Over the years Rachel beautified the farm with trees and flowers. She was always clever with her hands and made many quilts and rugs and is always busy. She always loved flowers and with running water on the farm, she grew beautiful flowers and gardens. She won many prizes for her flowers at fairs in Southern Alberta.

In March 1968 they left the farm and moved into a lovely home in Cardston where Rachel soon had the yard covered in flowers. During the summer especially their house is always filled with friends and relatives. During this time they took many trips to Arizona, California, and Ontario, as well as many shorter trips to visit family members in Western Canada and the Northern States. On 25 June 1971 they celebrated their Golden Wedding Anniversary, with many family members and friends joining them.

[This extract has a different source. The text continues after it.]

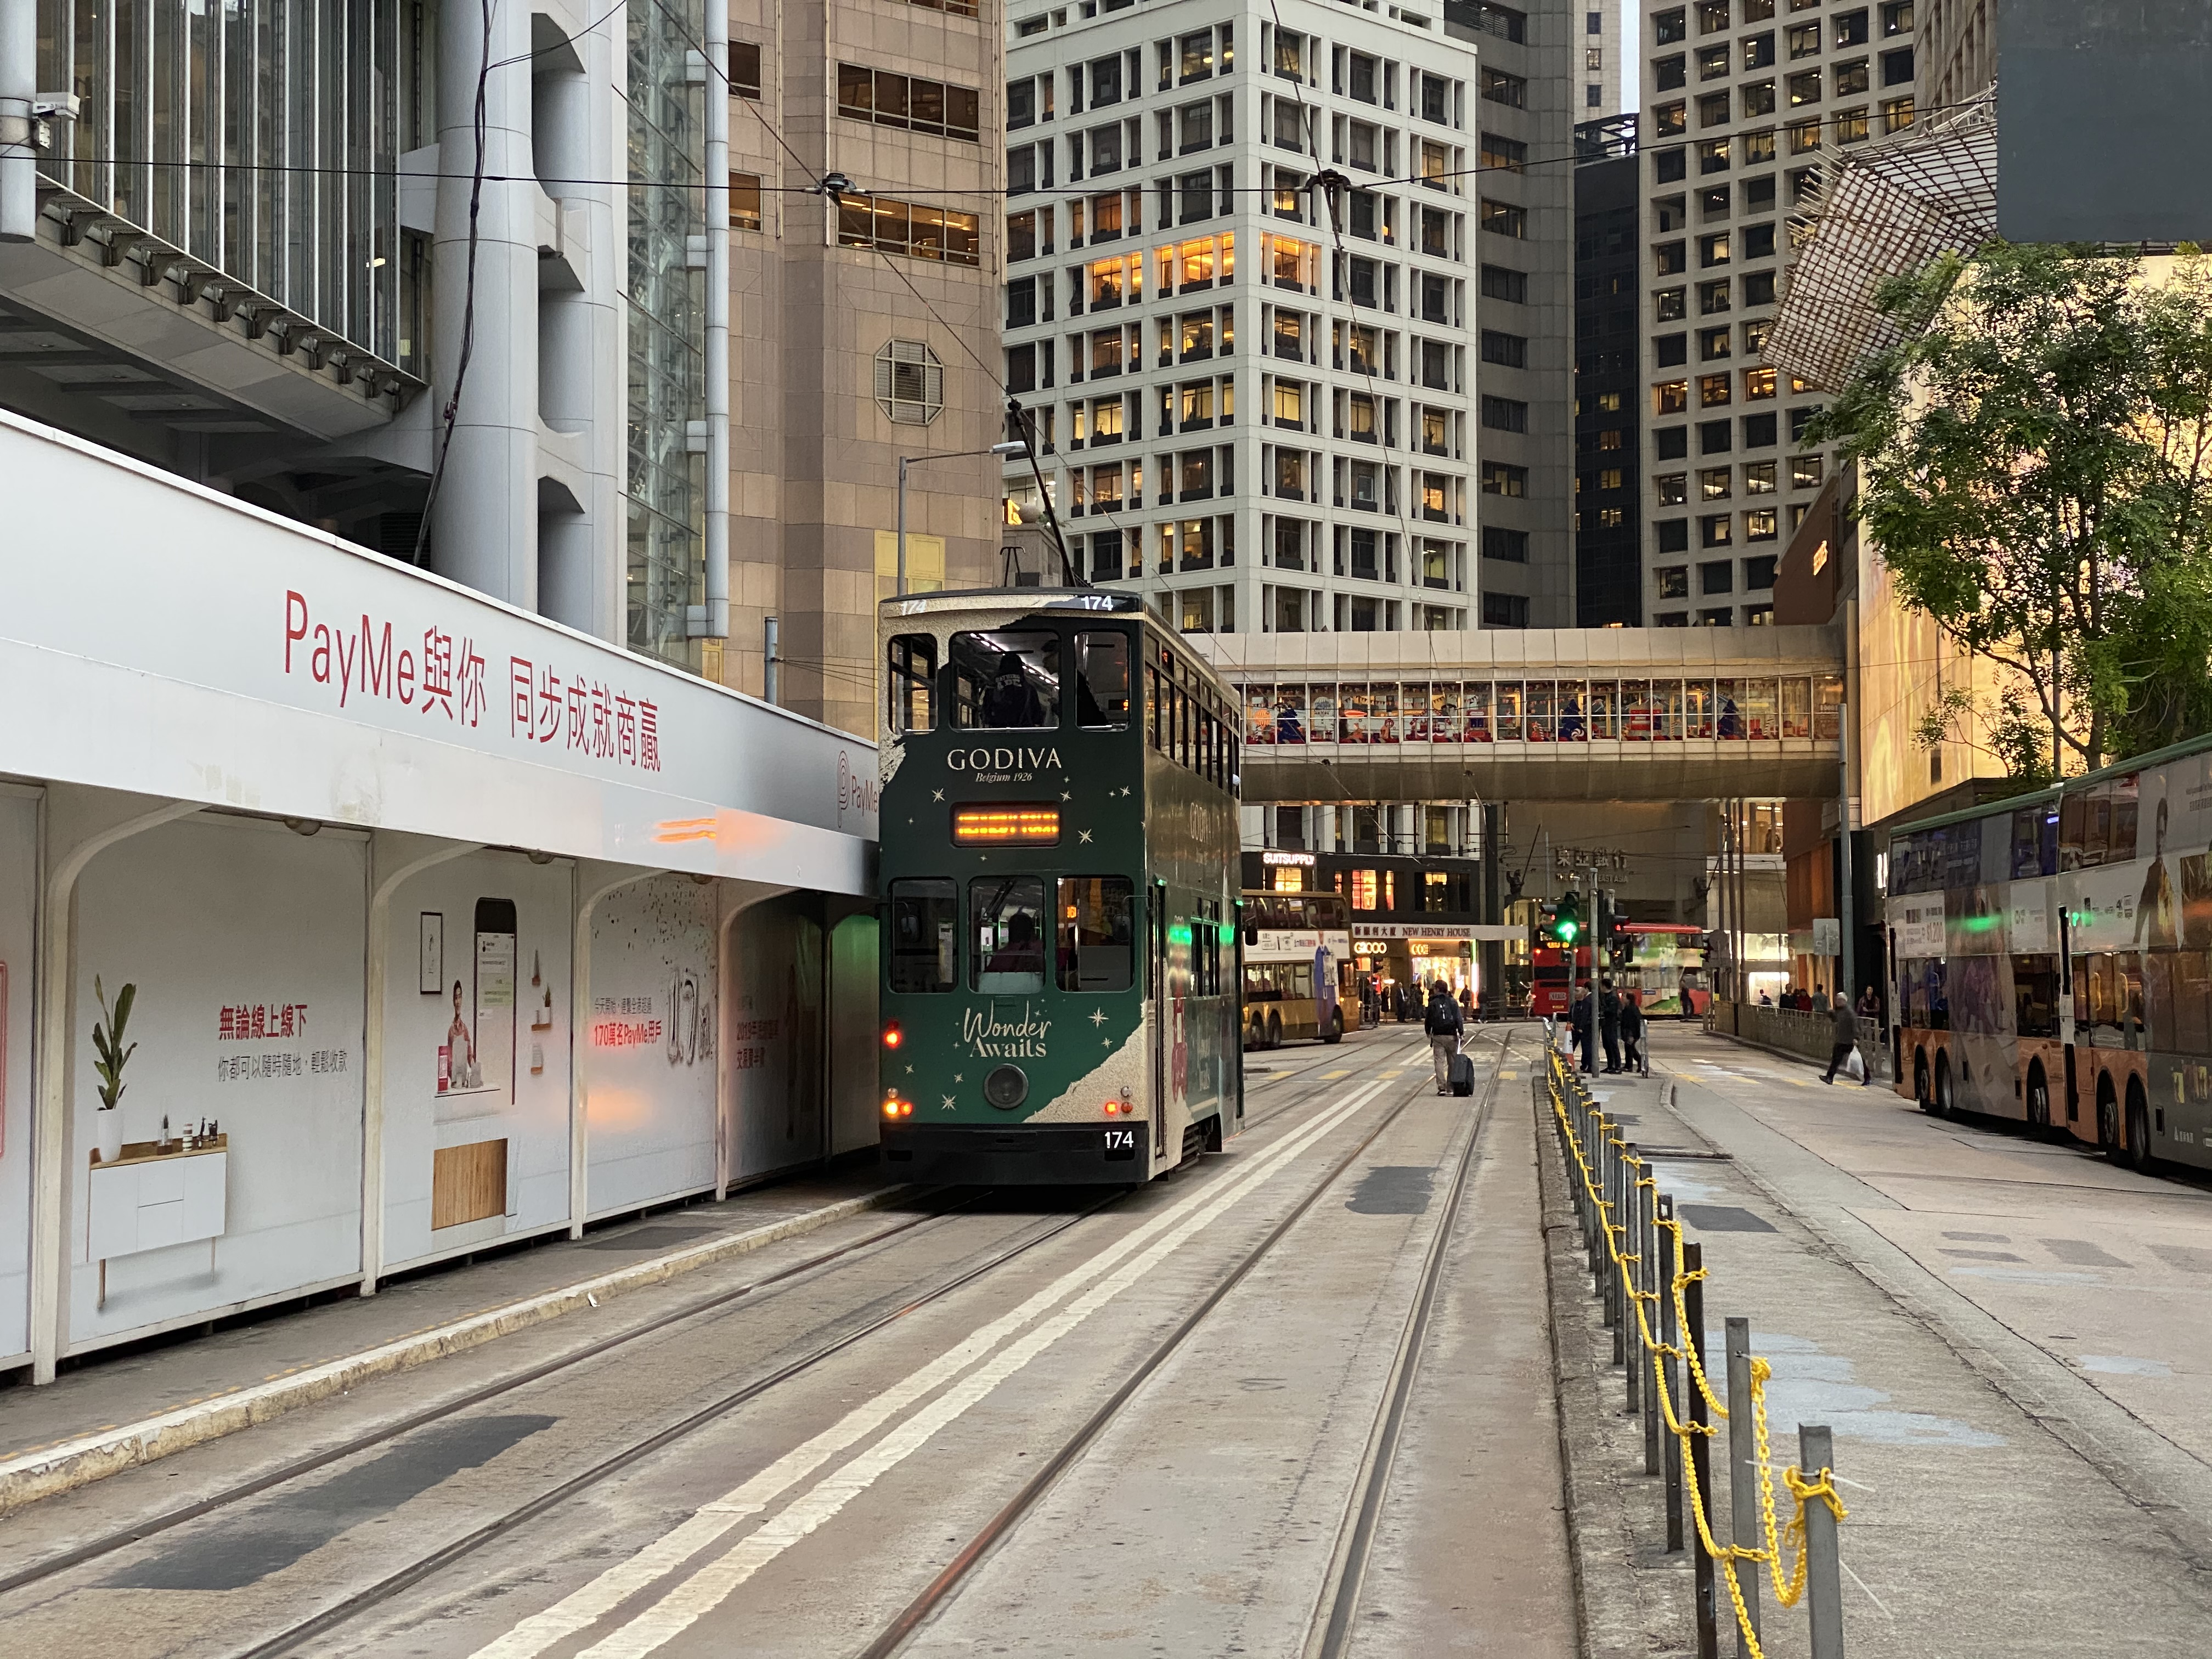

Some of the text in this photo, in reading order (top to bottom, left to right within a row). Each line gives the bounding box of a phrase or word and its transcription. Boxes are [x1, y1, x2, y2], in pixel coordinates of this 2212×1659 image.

Jerry and Rachel enjoyed their home and family. They both loved to read, and had many other hobbies. Rachel made many lovely quilts and other articles for her home and family.

In November 1974 Rachel had a serious operation and although she was still able ot look after her house and garden, her health deteriorated and she passed away 7 September 1977. She is buried in the Cardston cemetery.

Jerry continued to live in their home in Cardston enjoying good health, raising a garden, and looking after his own house and yard for a number of years. Then he moved to hte Grandview Nursin Home, where he spent the remaining years of his life. He passed away 6 Jun 1988 and is buried beside his beloved wife in the Cardston Cemetery.

In 1999 the posterity of Jerry and Rachel Leavitt number eight children, 31 grandchildren, 65 great-grand children or more and 17 or more great-great-grand children.